Chelsea EdghillOLY

Personal information
- Full name: Chelsea Aretha Renee Edghill
- Nationality: Guyanese
- Born: July 6, 1997 (age 28) Brooklyn, New York, U.S.
- Height: 177 cm (5 ft 10 in)
- Weight: 62 kg (137 lb)

Sport
- Country: Guyana
- Sport: Table tennis
- Event: Singles Event
- Club: Malteenoes Sports Club (Guyana) Lusitania de Lourosa (Portugal)
- Coached by: Idi Lewis

= Chelsea Edghill =

Guyanese table tennis player (born 1997)

Chelsea Edghill (born July 6, 1997) is a Guyanese table tennis player who has competed at the Commonwealth Games and became the first player from Guyana to compete at the Olympic Games in Table Tennis.

==Career==
Edghill competes in the women's singles, women's doubles, mixed doubles, and team table tennis events, and is ranked #408 as an individual.
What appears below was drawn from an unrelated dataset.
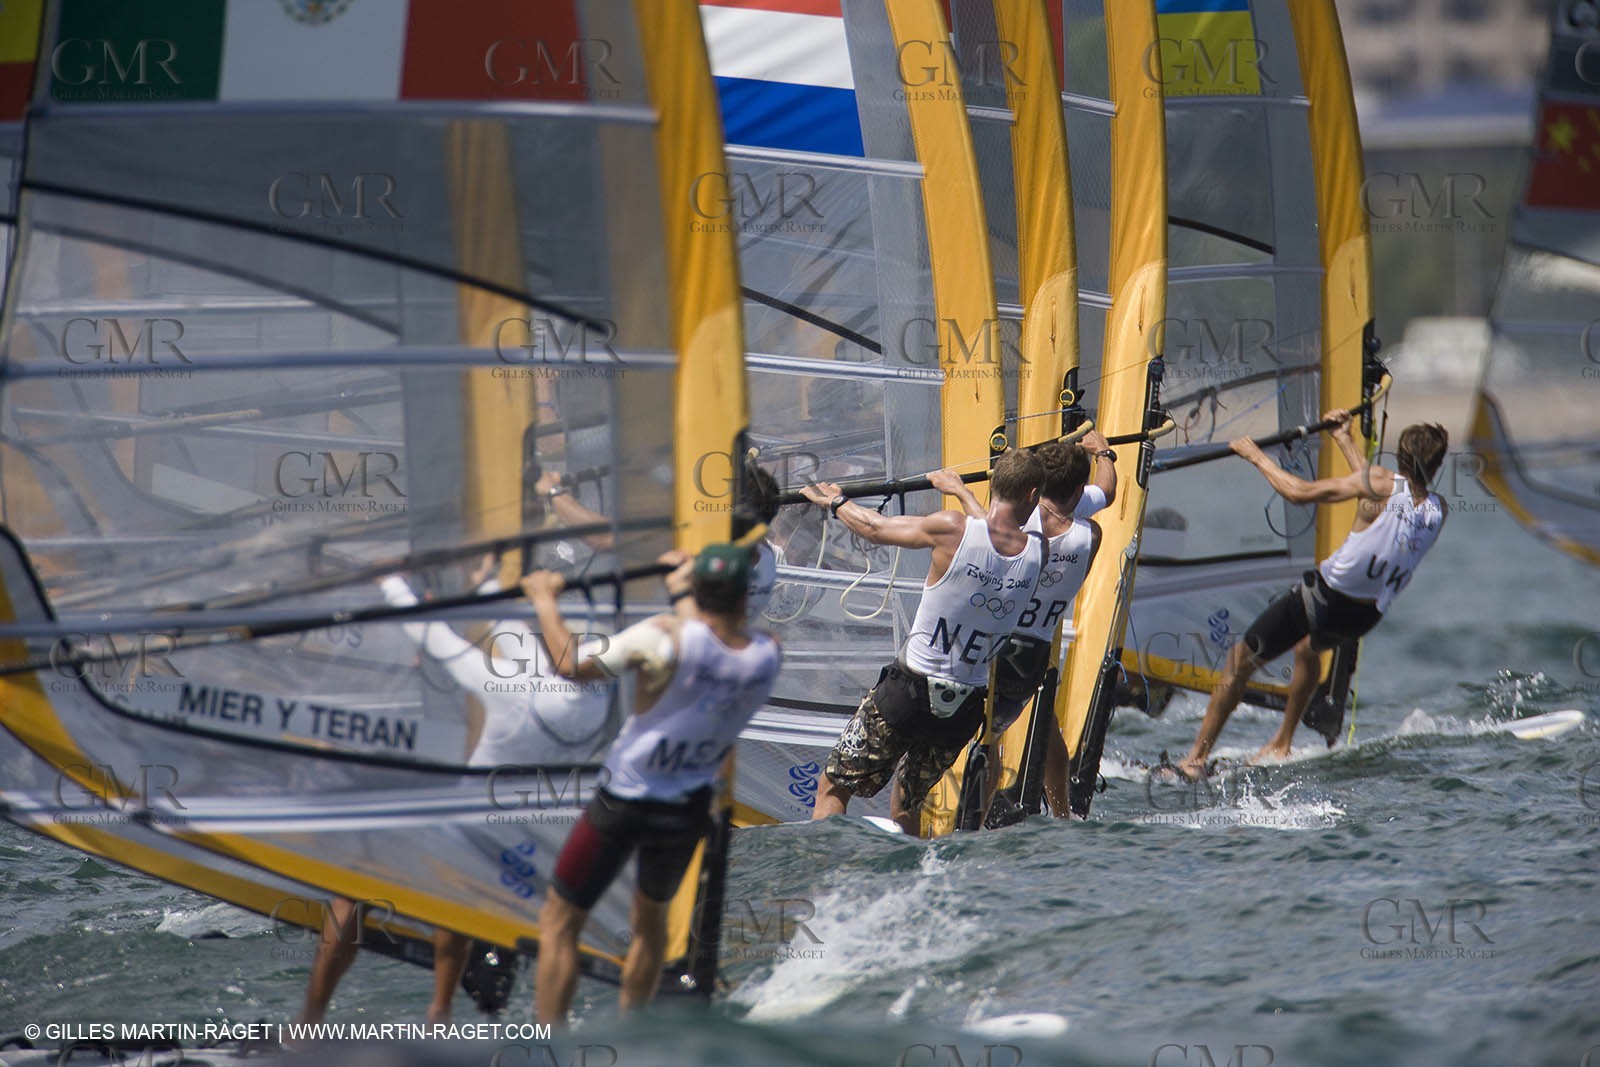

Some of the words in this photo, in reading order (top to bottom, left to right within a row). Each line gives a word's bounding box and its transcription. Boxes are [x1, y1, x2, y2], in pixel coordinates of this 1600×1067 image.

In the 2014 Youth Olympic Games she placed 25th in the women's singles; in the 2018 Latin American Table Tennis Championships she went out in the preliminary round, and made it to the first round of the 2019 Pan American Games. In 2018 she was the Caribbean Senior Championships Under 21 champion. As a team athlete, she competed at the 2014 Glasgow Commonwealth Games.

In 2021, she became the first Guyanese Olympic table tennis competitor with her appearance at the 2020 Tokyo Olympics, being entered as a wild card, the only female tennis player to do so. She was also one of the nation's flagbearers during the opening ceremony. After defeating her opponent in the preliminary round, she was knocked out in the first round.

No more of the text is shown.